I walked this labyrinth this morning with my mind on some therapy work I’d done lately, in particular an insight I’d had regarding how I react to authority figures. I asked God for some further insight as I work on this issue. Because of the style of this labyrinth, the walk to the center was shorter than I was used to. I didn’t receive any great insights, but that’s when I first noticed the word in the center. TRINITY almost shouted out at me, as I stood in the empty quadrant of the radiant circle surrounding it. A thought occurred to me: “Do I react to God the same way I react to human authority figures?” And if so, what does that mean? It’s an unanswered question for me today…I have more work to do on it. I think it’s a question I will talk about with my spiritual director at our next meeting.

This simple labyrinth provided me with a simple question to enhance the work I’m doing right now. It feels like a symbol of the relationships I have with my therapist and my spiritual director. My therapist assists me in the work I’m doing right now to unearth some brainstuff, and figure out what it means for me going forward. My spiritual director asks me some simple, yet very powerful, questions that enhance that work, adding the God-dimension to it. I’m so grateful I have them both right now. And so grateful for this labyrinth.

Get up. Do not fear.

This morning, I had the opportunity to preach at St. Andrew’s Ev. Lutheran Church in Perkasie, where I was Director of Education/Pastoral Assistant from 2000-2005. St.
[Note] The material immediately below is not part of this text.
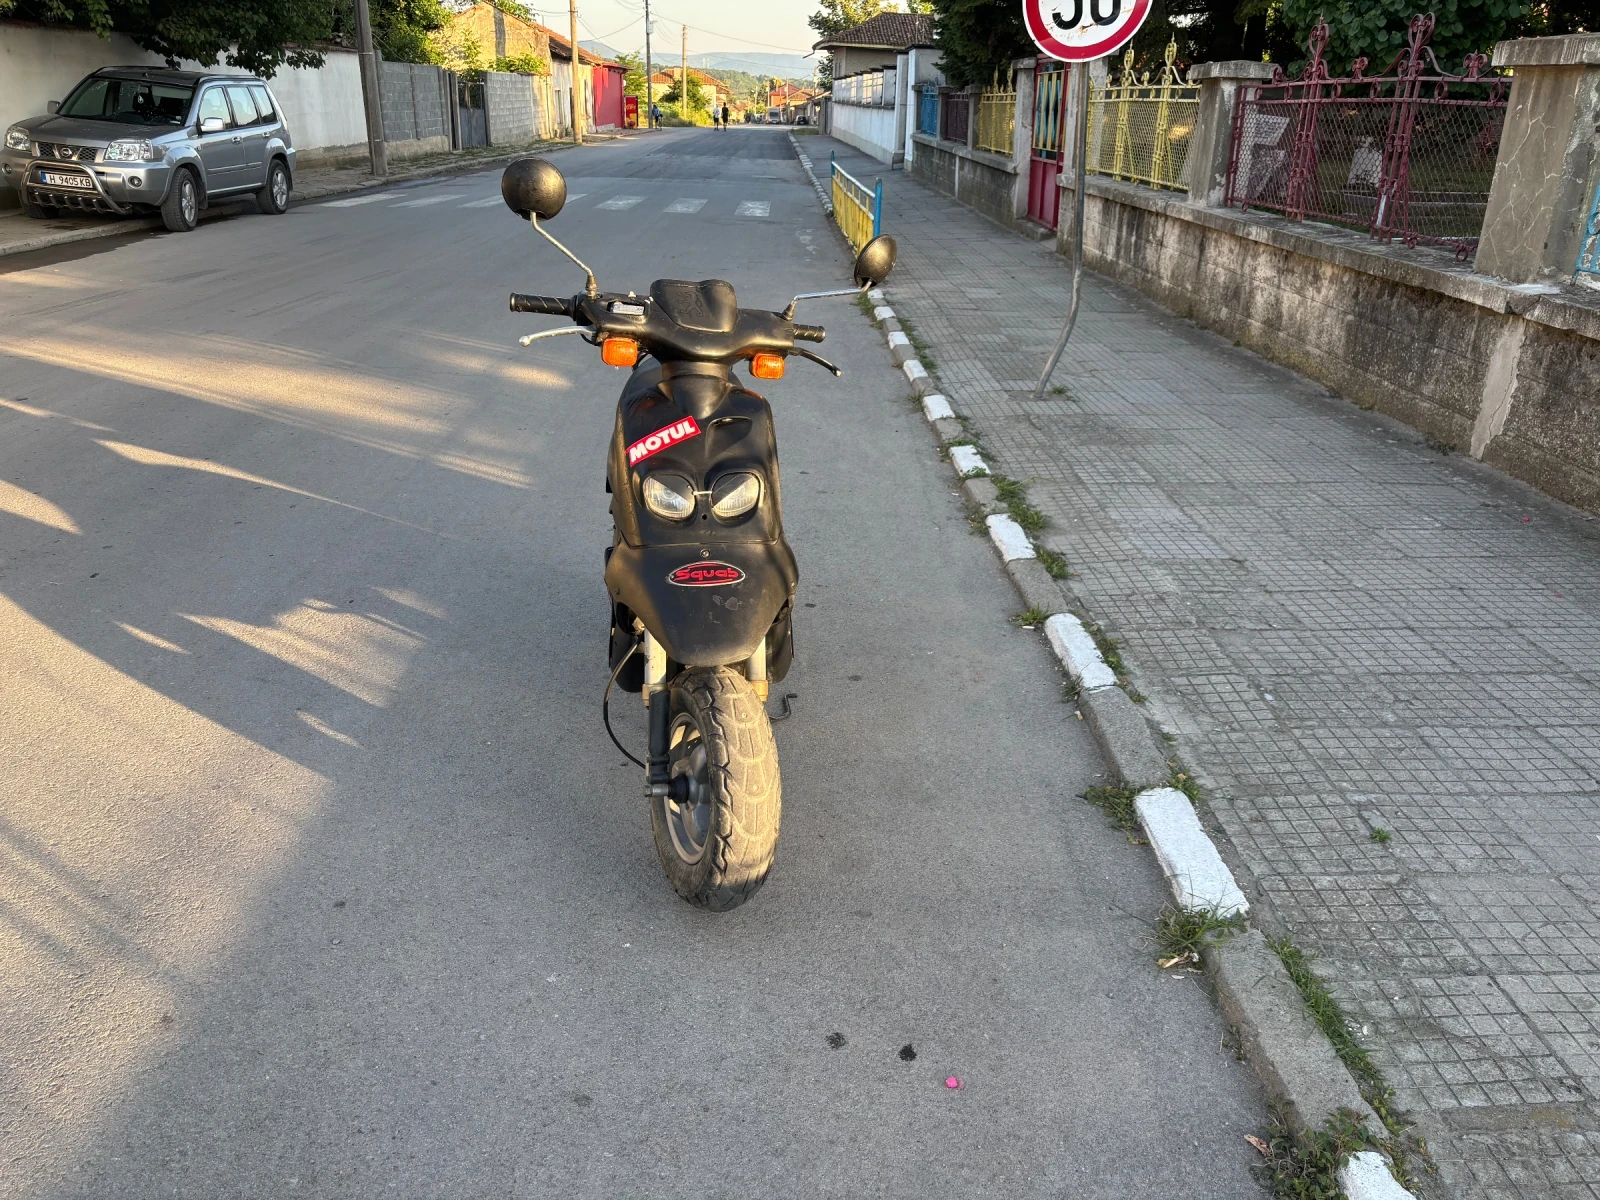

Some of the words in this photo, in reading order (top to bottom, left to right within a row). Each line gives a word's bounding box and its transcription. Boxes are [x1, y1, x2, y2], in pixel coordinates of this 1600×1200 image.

Andrew’s is celebrating 150 years of ministry this year, and I am one of several former pastors and other staff members they are inviting to return this year. Here is the sermon I preached. Today was the festival called The Transfiguration of Our Lord. The gospel reading I preached on was Matthew 17:1-9.

Oh, and one more thing. While I was at St. Andrew’s, I developed this habit of preaching in verse sometimes. I couldn’t resist doing it again on this special day.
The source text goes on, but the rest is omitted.